Why Movement? Your Movement Reveals Something About You

A old woman is walking down a busy sidewalk in the city when she is firmly bumped aside as a man runs past her. Wait a second... that man stole her purse! Fortunately a police officer heard the cries and chases the man through alleyway, over fences, and past cooks in the hot frantic kitchen of a restaurant. The he turns the corner and it's a dead end. The thief is trapped. The police man aims his gun, and commands: Don't move.
Here is the question. Can the criminal really stop moving?
Can anyone stop moving if they are alive?

We explore this question and Feldenkrais' 5th of 9 reasons for Why Movement as a means for self-improvement.

You will hear the except get broken down sentence by sentence. We talk about how movement reflects our state of mind, how movement is inherent in every moment of living, all muscular activity is movement. I describe how I observe movement when I teach Feldenkrais® lessons. I offer a few descriptions of people's movement and how that evokes something about their state of mind.

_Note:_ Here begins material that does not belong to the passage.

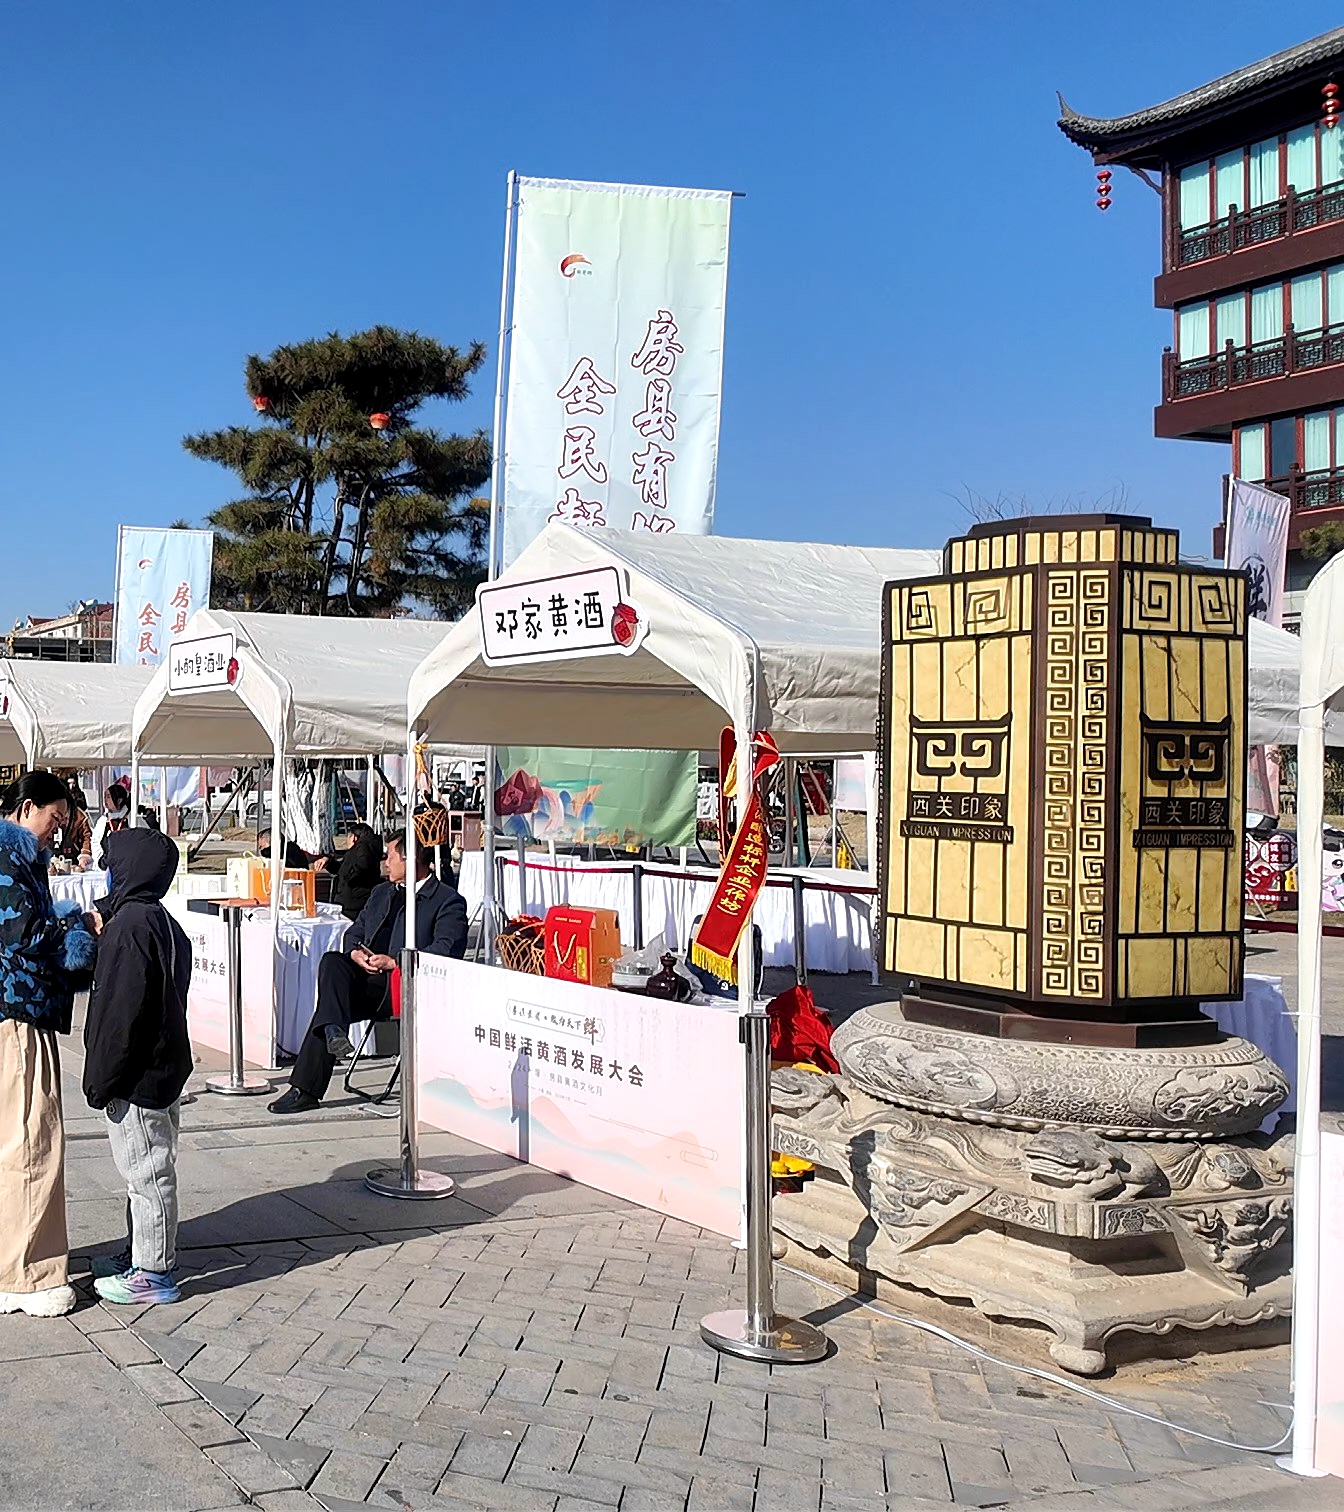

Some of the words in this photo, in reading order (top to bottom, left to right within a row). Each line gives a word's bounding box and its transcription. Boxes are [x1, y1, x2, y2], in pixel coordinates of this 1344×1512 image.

It's a long excerpt this time so here it is for you to read.

All muscular activity is movement.
Every action originates in muscular activity. Seeing, talking, and even hearing require muscular action. (In hearing, the muscle regulates the tension of the eardrum in accordance with the loudness of the sound perceived)
Not only are mechanical coordination and temporal and spatial accuracy important in every movement, its intensity is also important. Permanent relaxation of muscles causes action to be slow and feeble, and permanent excessive tension causes jerky and angular movements; both makes states of mind apparent and linked with the motive of the actions. 
Thus, in mental patients, nervous persons, and those with an unstable self-image, it is possible to discern disturbances in the muscular tonus in accordance with the deficiency. At the same time, other attributes of action, such as rhythm, and adjustment in time and space, may be more satisfactory. 
It is possible to discern trouble in the regulation of intensity in movements and in the facial expression of a person on the street, even for an unskilled observer who does not know exactly what is wrong.


Hi, I’m Jeffrey. 
I am a Certified Feldenkrais Practitioner and Filmmaker. I am the director of the upcoming documentary on the Feldenkrais Method.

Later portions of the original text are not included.